NEW YORK—After days of emotional rallies, protests, and public outcry over the Zimmerman verdict, communities across America are examining how to take action to affect real change.
The outpouring of emotion has been especially strong in New York City, which was already being rocked by the NYPD’s controversial stop-and-frisk practice.
For months now, plaintiffs in New York have been arguing in court that officers engaged in racial profiling when stopping and searching them, and the City Council has used unprecedented maneuvers to pass laws to curb the practice. Most recently, Mayor Michael Bloomberg has used his money to pressure council members to flip their votes of support so he can override a veto-proof majority and block one of the bills. Bloomberg has expressed concerns that the bills would reduce public safety and bankrupt the city.
New York’s post-Zimmerman verdict protests have remained peaceful—unlike violence that has broken out in California—with a massive gathering last Sunday, and a spontaneous street march on Monday that ended on the steps of the county courthouse. And many here believe that the moment to express anger, sadness, and frustration over the verdict has passed, and it’s now time to take action.
Candis Tolliver, an organizer with the New York Civil Liberties Union (NYCLU) said she was feeling downtrodden after the verdict and had even lost her enthusiasm over the Know Your Rights workshops she often holds for community members.
But a group of disadvantaged youth, many who have had personal experiences with the criminal justice system, helped her see the positive side of the situation.
During a workshop this past week, the teacher became the student.
“The young people were so energized,” said Tolliver. “They started to talk to me about strategy and how to register to vote.”
Ranging in age between 14 and 24, the youths were part of a group home, and the encounter helped Tolliver see that there is life after what was, for her, a devastating outcome in the trial of a young African-American man.
“Maybe that anger [of the kids] turned to action,” she said.
As an organizer for NYCLU, Tolliver has had little choice but action, even when her heart wasn’t in it for a brief moment.
On July 17, that meant that Tolliver and her colleagues from NYCLU, and fellow advocacy group VOCAL-NY, got out to support those city council members who voted for the council bills that establish independent oversight of the NYPD, and give those who feel they have been racially profiled an opportunity to sue.
New York City Council member Deborah Rose supported the bills, but she has been pressured to give up her support. Standing outside the Staten Island Ferry terminal in Manhattan, Tolliver and others handed out fliers asking people to call and email to express their support for Rose.
Rose is among the many City Council members being pressured to rescind their votes, as the racial profiling bill was decided by a margin of one and is facing a mayoral veto.

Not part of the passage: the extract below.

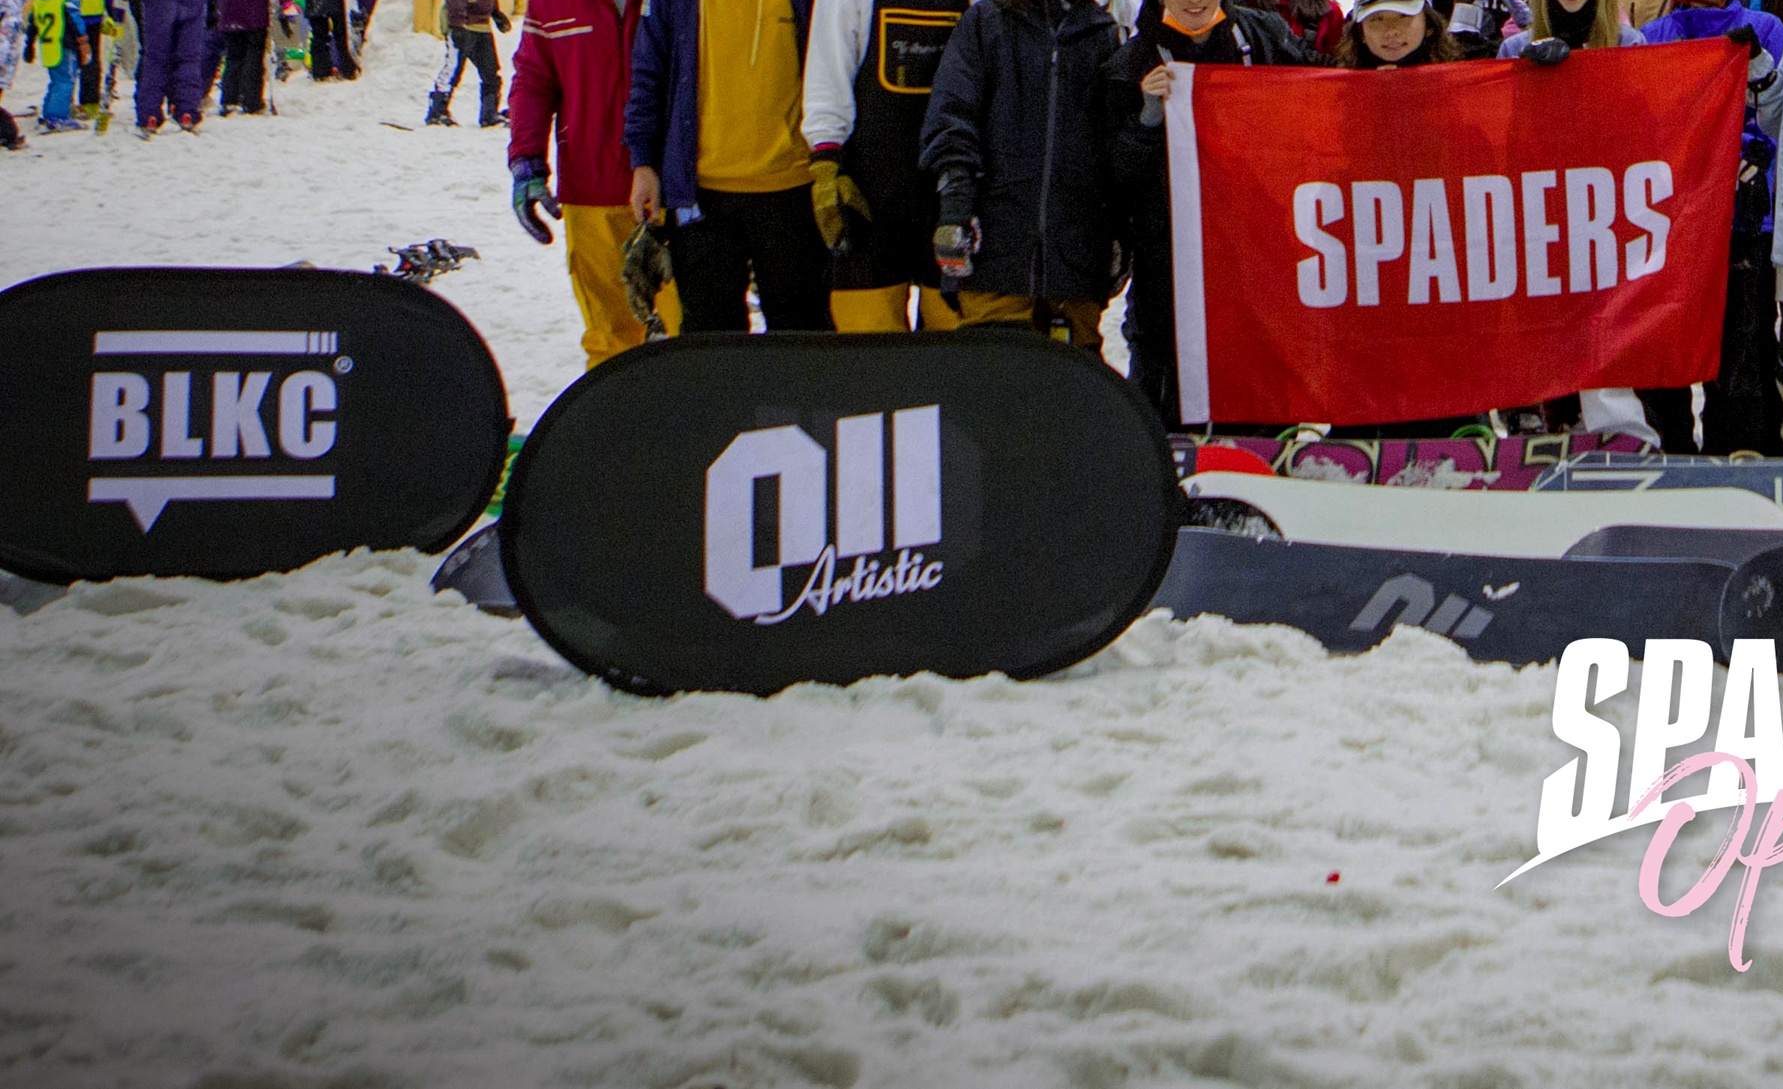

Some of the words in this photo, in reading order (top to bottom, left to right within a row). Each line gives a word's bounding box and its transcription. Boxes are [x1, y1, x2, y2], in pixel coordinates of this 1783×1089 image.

[1293, 161, 1675, 308] SPADERS
[88, 370, 338, 460] BLKC
[755, 544, 943, 625] Artistic

Tolliver thinks the timing of the Zimmerman verdict illuminates the very kind of thorny issues the bill is trying to protect the community from getting entangled in.
“I think what the Zimmerman case shows is that profiling does exist,” said Tolliver, who added that the measure is “not to tie the hands of the police, it’s to make New York City safer.”
As the possibility of a mayoral veto looms, other New Yorkers are also actively engaged in moving forward and making positive changes.
For Kevin Powell, a longtime community organizer and founder of grass-roots activism organization BK Nation, change means going beyond the many public advocacy events that have been occurring nationwide since the verdict.
“Marches and rallies are inspiring, but we have to have action,” said Powell by phone on July 17. “As people who really care about this country, we’ve got to come together.”
Powell is willing to put his money where his mouth is. He has organized a three-hour July 18 meeting in Manhattan for the general public to explore options for next steps.
When asked about the goal of the meeting and mobilizing the community, Powell said he hopes for “nothing short of repealing stand your ground,” the law in Florida that allowed Zimmerman to go free based on self-defense.
Others in New York have concrete plans, too. On July 19 and 20, the Rev. Al Sharpton’s National Action Network will continue a monthlong Occupy the Corners campaign to stand on street corners in New York City’s highest-crime areas in a show of community solidarity. On Friday and Saturday late night and early morning, a Civilian Observation Patrol, which partners with the NYPD, will spend two hours at the intersection of Foster Avenue and Ralph Avenue at the Glenwood Houses in East New York. Also on Saturday, a vigil is planned at New York City police headquarters. It is 1 of 100 planned nationally.
But Powell is clear that, going forward, the emphasis needs to be on change, not expressing rage—verbally or otherwise.
“Yelling at police, name calling—that leads to nowhere, nowhere, nowhere,” said Powell. “Proactive anger that is rooted in peace, love, and non-violence—that’s what I believe in.”